For nearly half a century, coal powered the blast furnaces of the 1,410-megawatt Comanche Power Generating station in Pueblo, a city of 110,000 in southern Colorado. You can’t miss Comanche, the state’s largest coal-fired power plant; it dominates the flat landscape for 40 miles in each direction, just as its plume of smoke dominates the sky.

That’s why residents shuddered in August 2017, when Xcel Energy announced that Comanche would shut down Comanche boilers 1 and 2, by 2025. Pueblo had already suffered through steel-mill layoffs and closures in the late 1970s and early 1980s, losing 8,000 of 9,000 jobs. This is a place that knows the pain of an industry cutting back. Yet what’s happening in Pueblo today offers some hope to other towns experiencing the death of a fossil-fueled economy.

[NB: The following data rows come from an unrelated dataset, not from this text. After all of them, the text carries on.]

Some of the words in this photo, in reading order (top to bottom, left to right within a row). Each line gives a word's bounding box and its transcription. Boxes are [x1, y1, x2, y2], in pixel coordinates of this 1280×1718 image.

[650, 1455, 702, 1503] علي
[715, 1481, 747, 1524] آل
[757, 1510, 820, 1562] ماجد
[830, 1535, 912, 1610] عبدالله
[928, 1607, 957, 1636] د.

That’s because a new industry has come on the scene in Pueblo. Vestas, a Danish windmill factory that employs some 900 people, makes tower bases for giant windmills. And business is booming: Wait time for a new Vestas windmill is five years, said Colorado Public Utilities Commissioner John Gavan.

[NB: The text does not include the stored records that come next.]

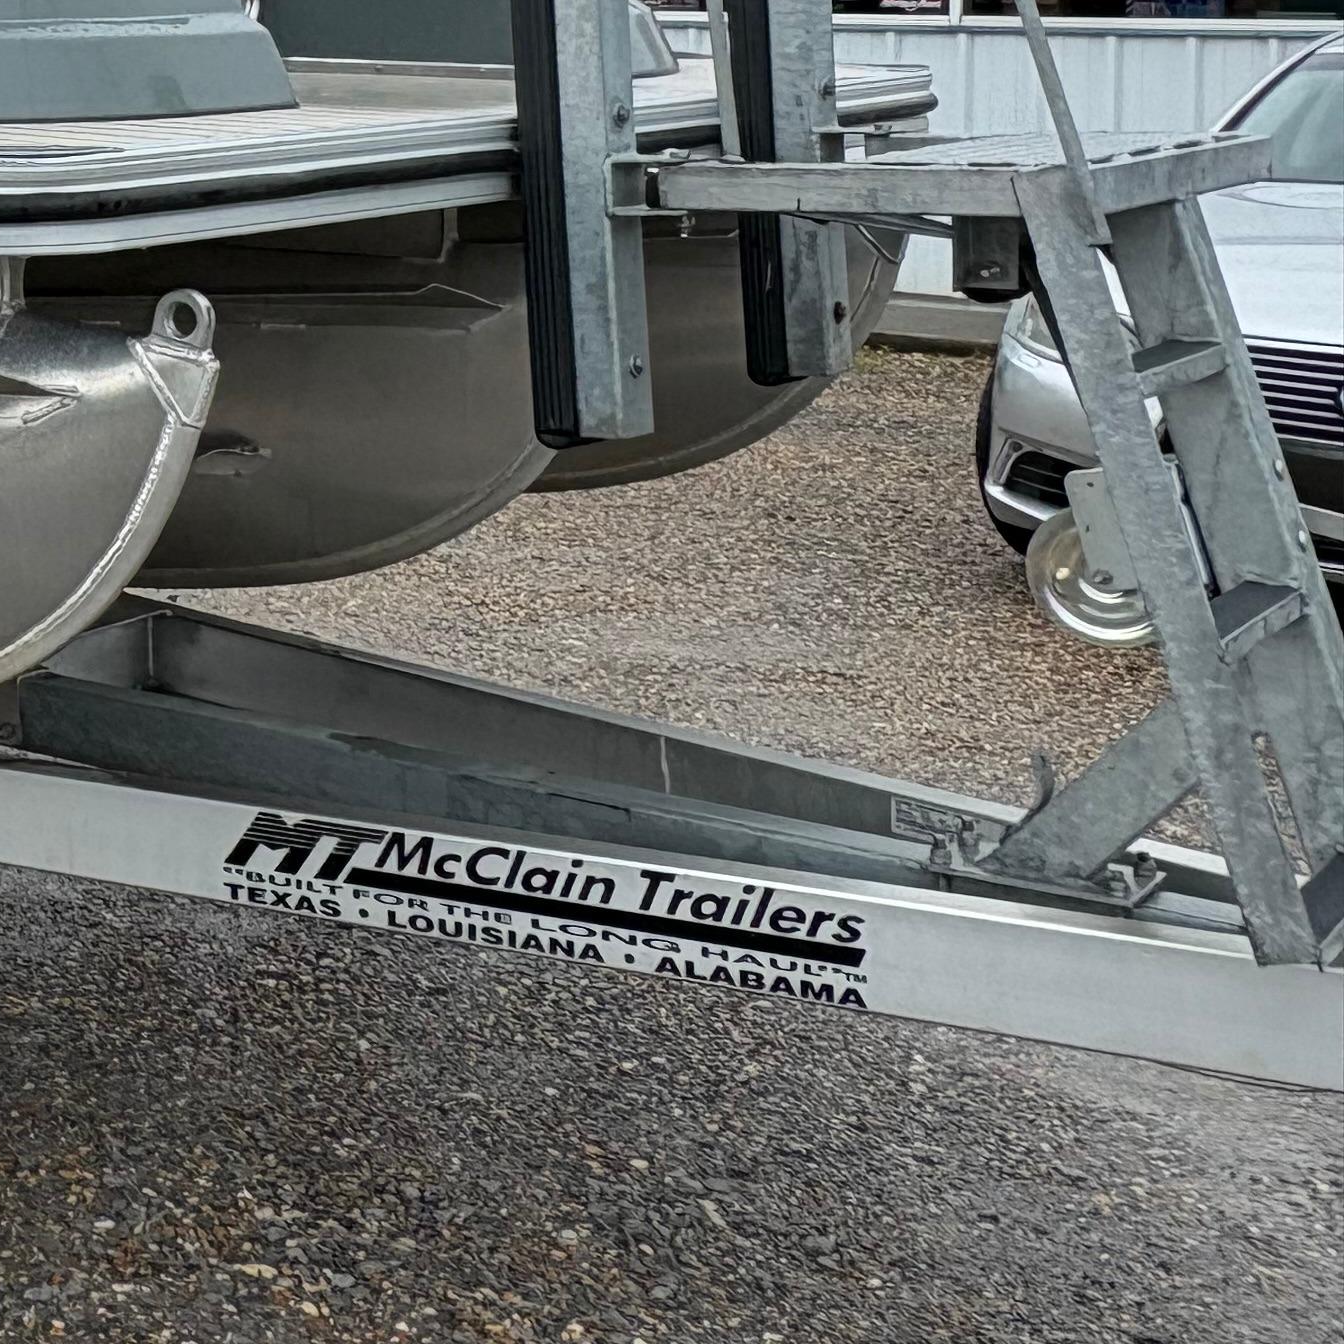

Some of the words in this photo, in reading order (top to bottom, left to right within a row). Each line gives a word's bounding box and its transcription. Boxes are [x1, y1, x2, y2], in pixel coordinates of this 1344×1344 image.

[374, 831, 616, 904] McClain
[638, 869, 866, 943] Trailers
[530, 918, 682, 954] LONG
[223, 882, 342, 918] TEXAS
[387, 910, 605, 963] LOUISIANA
[655, 956, 868, 1008] ALABAMA
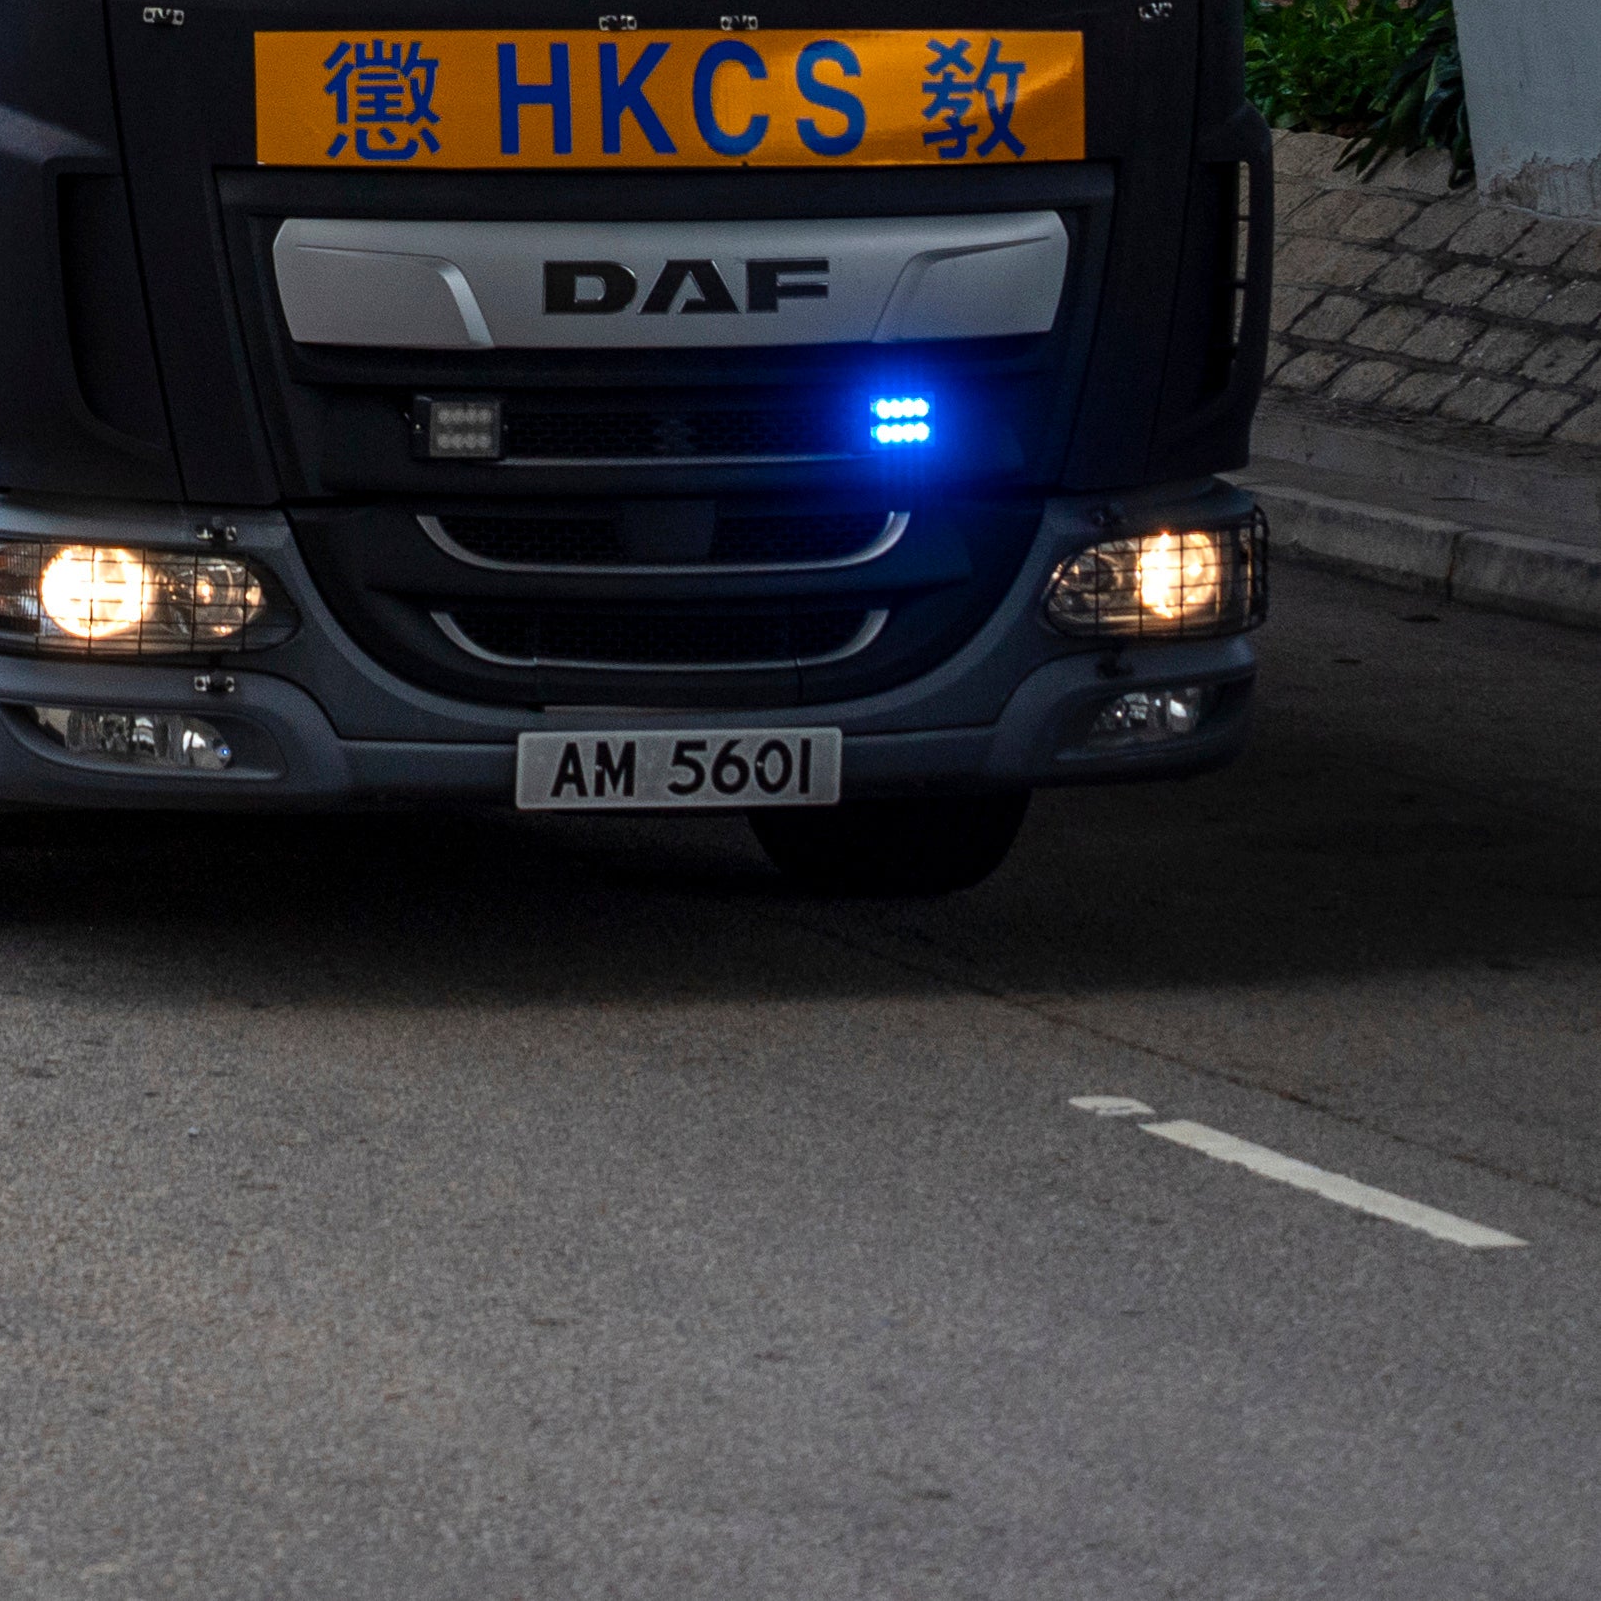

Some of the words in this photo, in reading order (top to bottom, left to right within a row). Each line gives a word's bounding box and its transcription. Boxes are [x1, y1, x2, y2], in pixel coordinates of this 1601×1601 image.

[323, 38, 442, 162] 懲
[498, 38, 867, 158] HKCS
[541, 257, 830, 315] DAF
[549, 739, 636, 799] AM
[665, 736, 813, 797] 5601

“We’re gonna lose good jobs when Xcel shuts down those boilers, but our air will be cleaner.”

For Pueblo Mayor Nick Gradisar, who is focused on employment, Vestas’ existence helps to ease the pain of losing Comanche’s jobs. “We’re gonna lose good jobs when Xcel shuts down those boilers,” he said of Comanche’s coming closure, “but our air will be cleaner.”

What does it mean when two of three boilers sit idle? Each boiler devours trainloads of coal along with millions of gallons of water bought from the town, which makes good money on the deal. Comanche used to run flat out, with coal-powered steam spinning the turbines that make electricity, but the rise of renewables means coal plants power up intermittently. “Coal-fired plants are running at 54% these days … and plants are built to run at capacity,” reported Bloomberg.

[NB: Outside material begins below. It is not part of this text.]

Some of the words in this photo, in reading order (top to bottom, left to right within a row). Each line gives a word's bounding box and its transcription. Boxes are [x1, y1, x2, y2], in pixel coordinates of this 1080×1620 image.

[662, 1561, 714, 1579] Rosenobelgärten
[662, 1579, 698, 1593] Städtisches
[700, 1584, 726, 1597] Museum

Frank Hilliard, who helped build the plant’s third boiler, is a roll-your own cigarette-type guy who lives in Walsenburg, a busted coal mine town 50 miles south of Pueblo.

Hilliard says the remaining boiler at Comanche is young and powerful, shipping out 857 MW. But he fears it’s on the chopping block, too.

“We just built Comanche 3, and they want to shut the damn thing down,” he complained. He wishes that Xcel and the other big utilities didn’t hate coal. “Coal created damned good work,” he said, “and most jobs require college now.”

But hate isn’t the problem; it’s the market. Three hundred coal plants have closed in the past 10 years, representing half of U.S. coal generating capacity, reported the research firm S&P Global. 2019 was the second-biggest year ever for coal plant closures, and utilities are pushing early shutdowns for remaining coal plants.

To comply with Colorado’s 2040 goals of 100% carbon-free electricity, the smart money predicts that Comanche 3’s closure will happen sooner, perhaps much sooner.

When Hilliard worked on Comanche 3, it was one of the last coal turbines built in the country. He’s still proud of what he accomplished. “We built Comanche 3 with the plan that it would power Colorado until well after my kid died. These plants are really something. How can we just destroy them?”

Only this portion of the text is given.